## PROBLEM TO SOLVE
Go through the records and transcribe them exactly, passing over any picture.

## AVAILABLE RECORDS
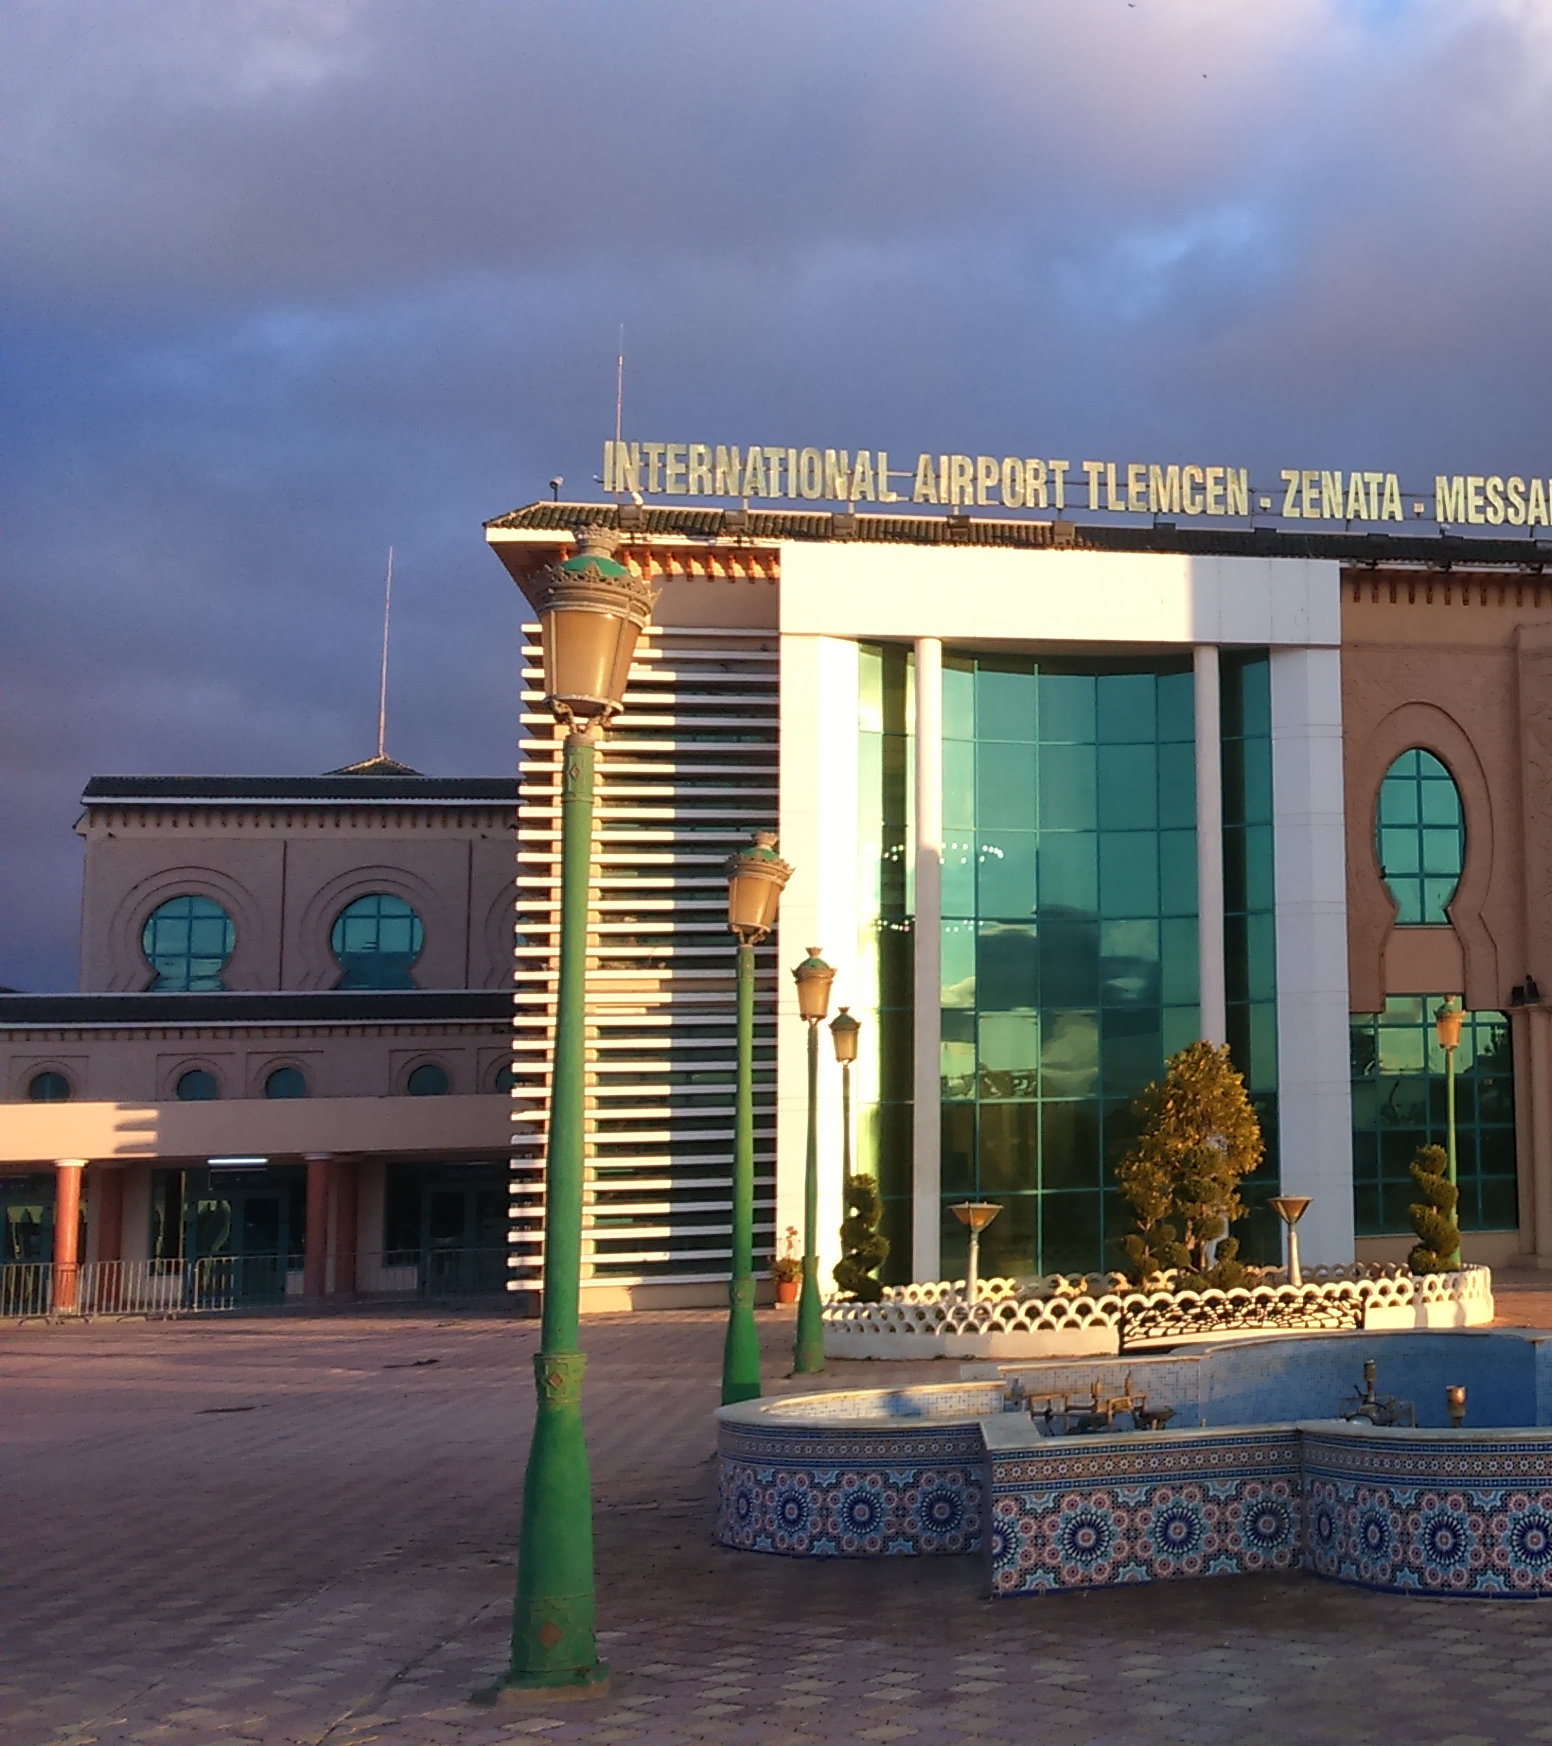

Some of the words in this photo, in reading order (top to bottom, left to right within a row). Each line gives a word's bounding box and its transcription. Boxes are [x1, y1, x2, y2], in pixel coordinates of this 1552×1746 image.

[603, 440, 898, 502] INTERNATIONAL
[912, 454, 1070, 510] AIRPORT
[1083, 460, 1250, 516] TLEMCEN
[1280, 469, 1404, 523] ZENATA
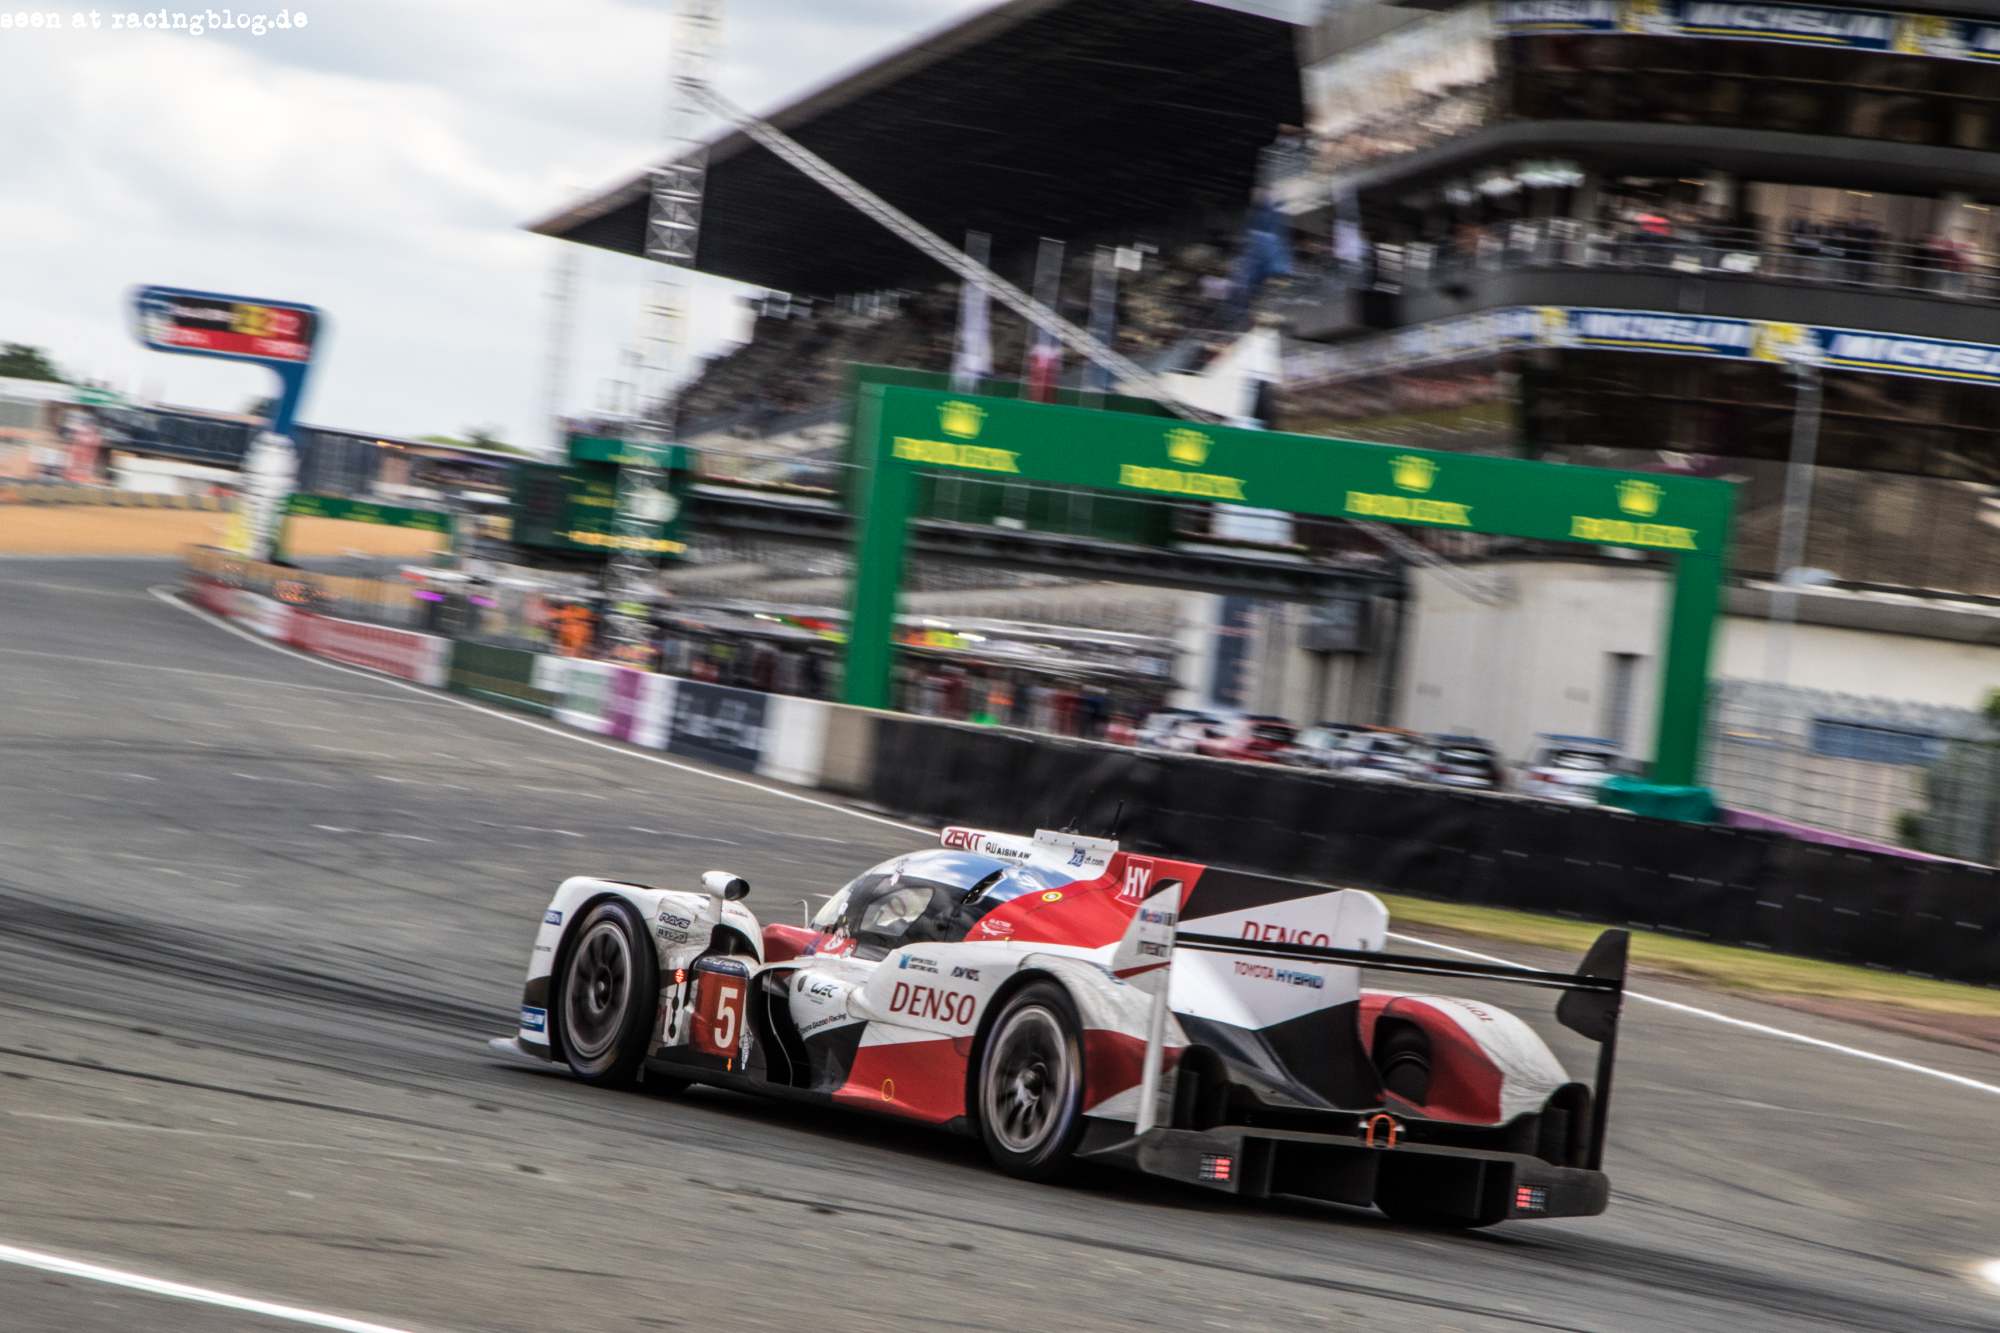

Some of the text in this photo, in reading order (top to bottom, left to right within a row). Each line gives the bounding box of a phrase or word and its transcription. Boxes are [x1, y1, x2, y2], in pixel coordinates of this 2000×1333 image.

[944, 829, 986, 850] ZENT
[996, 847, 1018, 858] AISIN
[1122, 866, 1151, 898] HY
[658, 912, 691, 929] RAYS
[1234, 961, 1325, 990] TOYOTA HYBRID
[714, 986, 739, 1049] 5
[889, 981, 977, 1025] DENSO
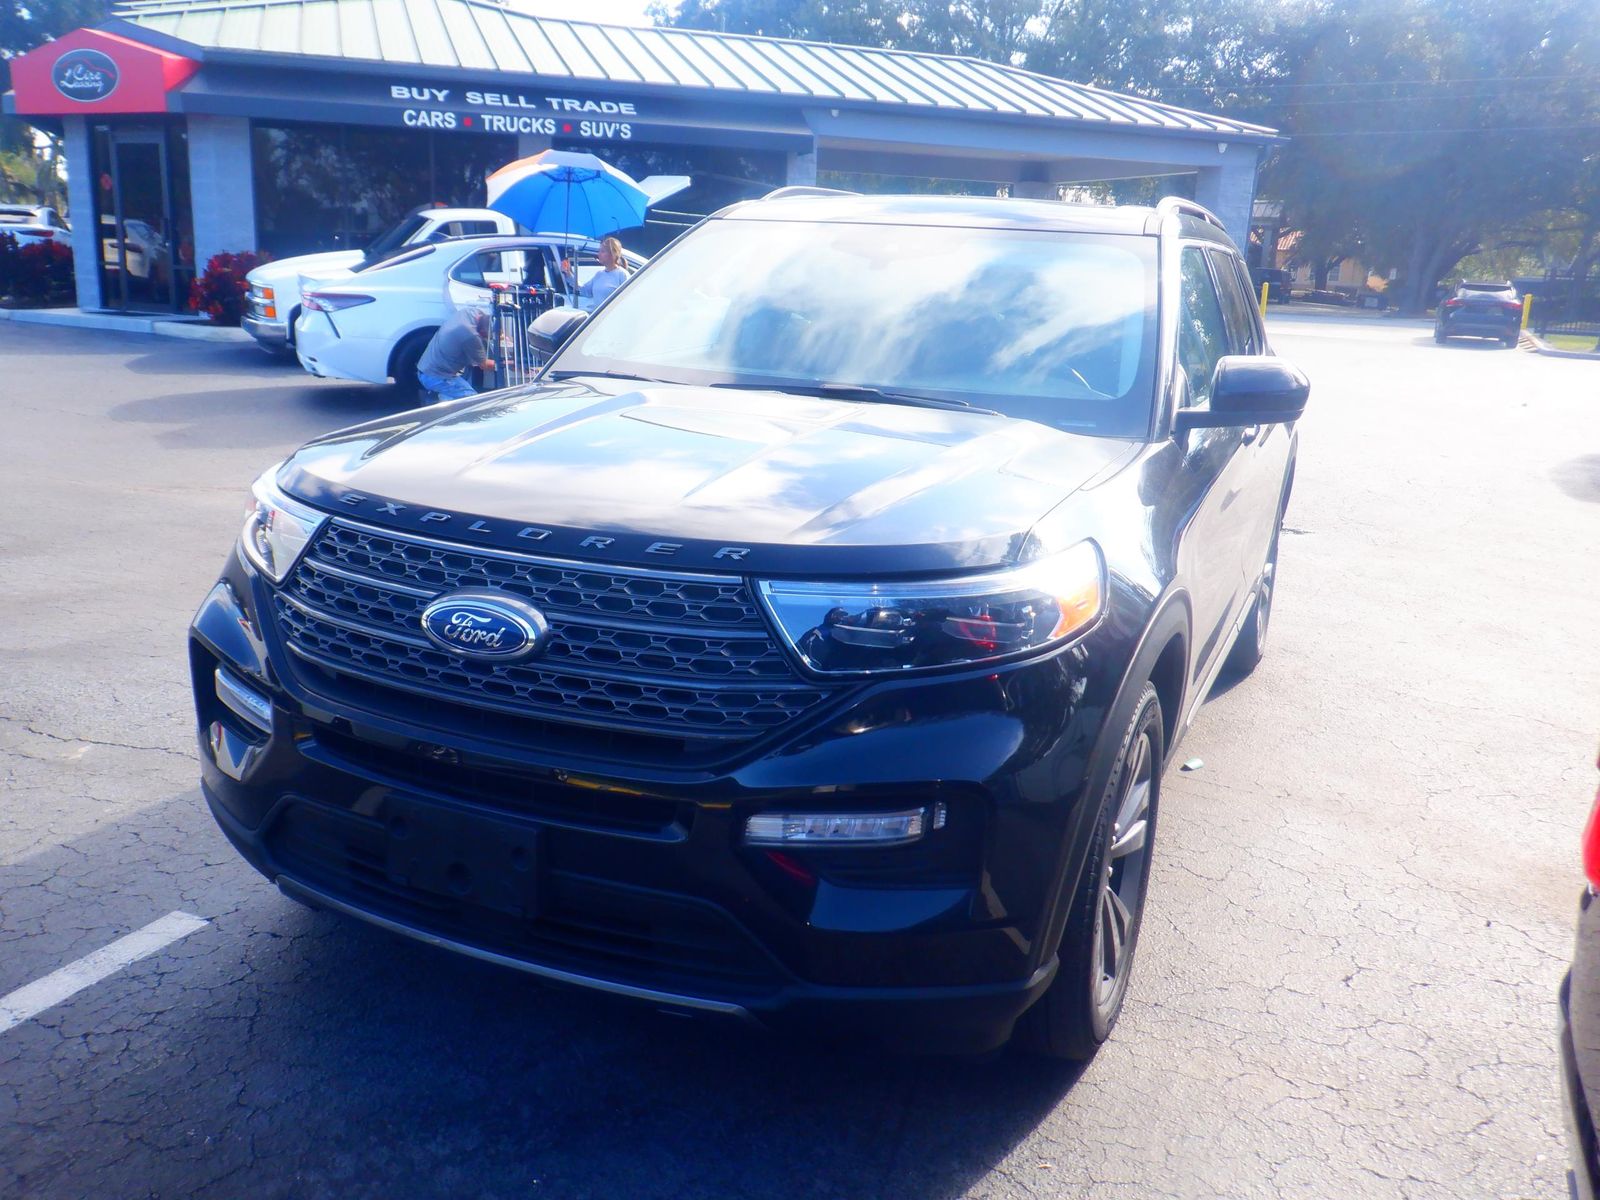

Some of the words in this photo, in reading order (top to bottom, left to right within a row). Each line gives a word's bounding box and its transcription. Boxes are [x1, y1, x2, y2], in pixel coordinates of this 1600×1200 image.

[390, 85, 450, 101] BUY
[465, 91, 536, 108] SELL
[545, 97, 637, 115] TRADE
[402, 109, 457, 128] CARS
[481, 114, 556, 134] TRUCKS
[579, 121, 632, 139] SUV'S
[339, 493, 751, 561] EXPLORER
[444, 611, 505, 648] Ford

## SOLVED EXERCISE
Some of the words in this photo, in reading order (top to bottom, left to right within a row). Each line gives a word's bounding box and its transcription. Boxes are [x1, y1, x2, y2], in pixel coordinates of this 1552×1746 image.

[603, 440, 898, 502] INTERNATIONAL
[912, 454, 1070, 510] AIRPORT
[1083, 460, 1250, 516] TLEMCEN
[1280, 469, 1404, 523] ZENATA

Some of the text in this photo, in reading order (top to bottom, left to right within a row). Each line gives the bounding box of a phrase or word and its transcription. Boxes are [x1, y1, x2, y2], in pixel coordinates of this 2000×1333 image.

[944, 829, 986, 850] ZENT
[996, 847, 1018, 858] AISIN
[1122, 866, 1151, 898] HY
[658, 912, 691, 929] RAYS
[1234, 961, 1325, 990] TOYOTA HYBRID
[714, 986, 739, 1049] 5
[889, 981, 977, 1025] DENSO

Some of the words in this photo, in reading order (top to bottom, left to right within a row). Each line gives a word's bounding box and its transcription. Boxes are [x1, y1, x2, y2], in pixel coordinates of this 1600×1200 image.

[390, 85, 450, 101] BUY
[465, 91, 536, 108] SELL
[545, 97, 637, 115] TRADE
[402, 109, 457, 128] CARS
[481, 114, 556, 134] TRUCKS
[579, 121, 632, 139] SUV'S
[339, 493, 751, 561] EXPLORER
[444, 611, 505, 648] Ford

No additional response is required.